Breast Imaging Fellow Massachusetts General Hospital/Harvard Medical School Massachusetts General Hospital/Harvard Medical School Boston, Massachusetts
Purpose: Patient eligibility for high-risk screening MRI is typically assessed by traditional risk assessment scores. However, emerging deep learning (DL) risk stratification models are proving promising, with recent studies demonstrating DL-based models outperforming traditional risk stratification methods. The objective of this study is to measure the impact of a DL risk assessment model to support more effective supplemental screening with MRI for patients at increased risk of developing breast cancer.
Materials and Methods: This retrospective, multisite study included consecutive patients, >40 years, undergoing high-risk breast cancer screening MRI from 9/18/2017 to 9/17/2020 at four facilities. Tyrer-Cuzick version 8 (TC) and NCI Breast Cancer Risk Assessment Tool 5-year and lifetime models and a DL 5-year model were used to assess risk. The following thresholds were used to define increased-risk: >1.67% for traditional 5-year models, >3.1 for DL model and high-risk: >20% for traditional lifetime models, >6.9 for DL model. Patient demographics were retrieved from electronic medical records. Cancer outcomes determined through linkage to a regional tumor registry. We compared risk model performance using Pearson’s chi-squared tests.
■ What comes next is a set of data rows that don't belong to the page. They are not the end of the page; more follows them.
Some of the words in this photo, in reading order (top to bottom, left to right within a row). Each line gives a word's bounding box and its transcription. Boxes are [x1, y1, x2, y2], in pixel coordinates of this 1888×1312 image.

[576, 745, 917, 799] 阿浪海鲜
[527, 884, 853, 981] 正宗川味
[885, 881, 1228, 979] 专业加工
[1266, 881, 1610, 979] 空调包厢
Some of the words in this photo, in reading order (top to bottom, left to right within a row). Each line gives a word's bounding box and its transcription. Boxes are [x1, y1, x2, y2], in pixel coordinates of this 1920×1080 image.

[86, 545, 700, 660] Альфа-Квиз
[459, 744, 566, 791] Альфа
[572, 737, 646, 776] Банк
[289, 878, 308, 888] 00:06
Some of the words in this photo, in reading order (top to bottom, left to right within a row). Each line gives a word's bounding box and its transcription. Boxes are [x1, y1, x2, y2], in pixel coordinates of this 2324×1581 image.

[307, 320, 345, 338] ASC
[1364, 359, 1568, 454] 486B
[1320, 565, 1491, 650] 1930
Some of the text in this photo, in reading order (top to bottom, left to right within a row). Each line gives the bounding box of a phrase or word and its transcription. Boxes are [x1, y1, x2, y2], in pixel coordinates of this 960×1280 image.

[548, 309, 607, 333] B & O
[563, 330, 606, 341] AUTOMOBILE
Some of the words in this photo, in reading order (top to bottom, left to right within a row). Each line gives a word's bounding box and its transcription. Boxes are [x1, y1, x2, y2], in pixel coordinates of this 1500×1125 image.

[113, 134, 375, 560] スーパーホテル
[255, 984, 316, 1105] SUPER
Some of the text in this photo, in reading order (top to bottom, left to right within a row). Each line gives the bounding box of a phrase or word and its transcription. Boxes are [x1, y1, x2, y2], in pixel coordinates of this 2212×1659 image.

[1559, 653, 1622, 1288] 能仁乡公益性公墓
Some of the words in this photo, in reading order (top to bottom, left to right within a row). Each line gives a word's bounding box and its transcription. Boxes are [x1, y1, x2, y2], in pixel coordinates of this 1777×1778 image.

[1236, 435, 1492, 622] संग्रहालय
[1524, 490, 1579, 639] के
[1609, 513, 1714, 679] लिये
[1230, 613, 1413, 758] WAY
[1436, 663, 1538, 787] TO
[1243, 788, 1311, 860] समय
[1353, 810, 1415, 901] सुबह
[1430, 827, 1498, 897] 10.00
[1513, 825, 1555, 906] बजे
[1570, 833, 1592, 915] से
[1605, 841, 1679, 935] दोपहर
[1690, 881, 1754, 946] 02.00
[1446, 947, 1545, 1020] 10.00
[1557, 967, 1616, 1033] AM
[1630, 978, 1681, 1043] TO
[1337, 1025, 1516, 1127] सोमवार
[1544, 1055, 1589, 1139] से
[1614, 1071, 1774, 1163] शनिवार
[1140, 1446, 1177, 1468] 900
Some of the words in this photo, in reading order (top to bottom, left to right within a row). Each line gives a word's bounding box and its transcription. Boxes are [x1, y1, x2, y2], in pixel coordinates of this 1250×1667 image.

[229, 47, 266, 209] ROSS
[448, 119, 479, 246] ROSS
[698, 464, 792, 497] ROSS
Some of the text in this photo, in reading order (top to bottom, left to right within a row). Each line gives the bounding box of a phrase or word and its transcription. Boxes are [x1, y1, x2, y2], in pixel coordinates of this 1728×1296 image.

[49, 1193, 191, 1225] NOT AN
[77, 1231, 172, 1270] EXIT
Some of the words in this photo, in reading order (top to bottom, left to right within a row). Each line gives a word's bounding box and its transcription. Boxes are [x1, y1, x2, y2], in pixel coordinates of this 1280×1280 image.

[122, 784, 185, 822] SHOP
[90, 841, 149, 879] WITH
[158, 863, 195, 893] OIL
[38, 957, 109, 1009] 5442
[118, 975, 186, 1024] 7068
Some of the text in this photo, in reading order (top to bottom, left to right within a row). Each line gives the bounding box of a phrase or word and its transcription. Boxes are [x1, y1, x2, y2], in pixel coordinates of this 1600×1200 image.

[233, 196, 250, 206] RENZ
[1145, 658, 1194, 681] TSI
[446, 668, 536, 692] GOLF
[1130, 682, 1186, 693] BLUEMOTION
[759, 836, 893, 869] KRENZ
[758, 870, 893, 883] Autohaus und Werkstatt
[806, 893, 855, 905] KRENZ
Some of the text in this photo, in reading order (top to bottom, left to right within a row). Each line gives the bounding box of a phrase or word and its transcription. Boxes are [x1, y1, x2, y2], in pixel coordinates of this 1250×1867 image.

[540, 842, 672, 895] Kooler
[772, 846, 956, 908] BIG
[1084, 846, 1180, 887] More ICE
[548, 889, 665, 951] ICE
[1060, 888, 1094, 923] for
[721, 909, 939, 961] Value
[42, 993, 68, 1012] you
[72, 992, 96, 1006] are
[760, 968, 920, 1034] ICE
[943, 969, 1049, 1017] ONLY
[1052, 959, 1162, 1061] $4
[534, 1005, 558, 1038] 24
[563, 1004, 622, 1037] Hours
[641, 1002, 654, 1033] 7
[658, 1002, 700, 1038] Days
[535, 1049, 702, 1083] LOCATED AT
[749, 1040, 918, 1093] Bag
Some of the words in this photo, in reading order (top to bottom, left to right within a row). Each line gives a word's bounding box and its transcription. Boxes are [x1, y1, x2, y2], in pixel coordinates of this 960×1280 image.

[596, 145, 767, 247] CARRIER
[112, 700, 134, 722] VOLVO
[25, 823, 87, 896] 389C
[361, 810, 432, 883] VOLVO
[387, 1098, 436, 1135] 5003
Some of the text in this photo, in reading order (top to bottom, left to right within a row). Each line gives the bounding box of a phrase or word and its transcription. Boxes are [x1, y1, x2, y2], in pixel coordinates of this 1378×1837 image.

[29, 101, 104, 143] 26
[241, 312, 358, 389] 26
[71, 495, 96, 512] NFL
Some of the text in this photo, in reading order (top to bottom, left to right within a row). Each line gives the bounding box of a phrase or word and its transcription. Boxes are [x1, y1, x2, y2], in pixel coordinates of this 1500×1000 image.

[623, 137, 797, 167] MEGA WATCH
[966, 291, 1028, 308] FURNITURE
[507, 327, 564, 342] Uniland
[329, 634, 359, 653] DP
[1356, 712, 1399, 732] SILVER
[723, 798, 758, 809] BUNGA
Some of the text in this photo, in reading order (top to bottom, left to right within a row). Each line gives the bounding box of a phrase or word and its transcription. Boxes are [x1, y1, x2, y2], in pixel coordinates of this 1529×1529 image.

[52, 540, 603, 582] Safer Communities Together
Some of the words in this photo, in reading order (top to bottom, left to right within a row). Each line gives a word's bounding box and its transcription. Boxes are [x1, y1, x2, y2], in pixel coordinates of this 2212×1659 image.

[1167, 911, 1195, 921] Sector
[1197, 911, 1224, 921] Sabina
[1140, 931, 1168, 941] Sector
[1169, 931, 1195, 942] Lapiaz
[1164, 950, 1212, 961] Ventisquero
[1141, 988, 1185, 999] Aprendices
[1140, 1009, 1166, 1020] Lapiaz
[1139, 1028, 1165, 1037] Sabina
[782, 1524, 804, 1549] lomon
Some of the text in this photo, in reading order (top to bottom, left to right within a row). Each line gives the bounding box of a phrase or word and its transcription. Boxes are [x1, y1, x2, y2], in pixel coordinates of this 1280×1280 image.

Results: 6153 patients underwent high-risk screening MRI during the study period. Median patient age was 54 years (IQR: 48-60 years). 91.8% (5535/6027) were White-Non Hispanic and 8.2% (492/6027) were patients of color/Hispanic. 33.4 % (1434/4296) of patients met increased-risk criteria by DL model, 77.2% (1868/2419) by TC 5-year, and 75.3% (1574/2090) by NCI 5-year. 13.9% (597/4296) met high-risk criteria by DL model, 49.7% (1203/2419) by TC lifetime, and 34.8% (760/2187) by NCI lifetime. Cancers detected per thousand women screened were higher in patients at increased (28.5, 95% CI, 17.9, 45.1) or high-risk (20.2, 95% CI 14.1,28.9) by DL model, vs TC (8.6, 95% CI, 5.3, 13.9) and NCI (6.4, 95% CI, 3.5,11.7) 5-year models, and TC (7.5, 95% CI 3.9,14.2) and NCI (7.9, 95% CI 3.6,17.1) lifetime models (p < 0.01). Positive predictive values 1,2,3 were significantly higher in DL vs traditional models (p < 0.05). There was not evidence of differences in sensitivity or specificity in DL vs traditional models (p>0.05).
Conclusion: Improved risk assessment strategies are necessary to address breast MRI performance in women screened by traditional methods. A DL model can effectively identify increased/high-risk patients who may benefit from supplemental screening with MRI.
Clinical Relevance Statement: Traditional risk assessment models are not adequately identifying patients benefiting from screening MRI. A DL model may provide a more robust method to identify those who may benefit from screening MRI compared to traditional models.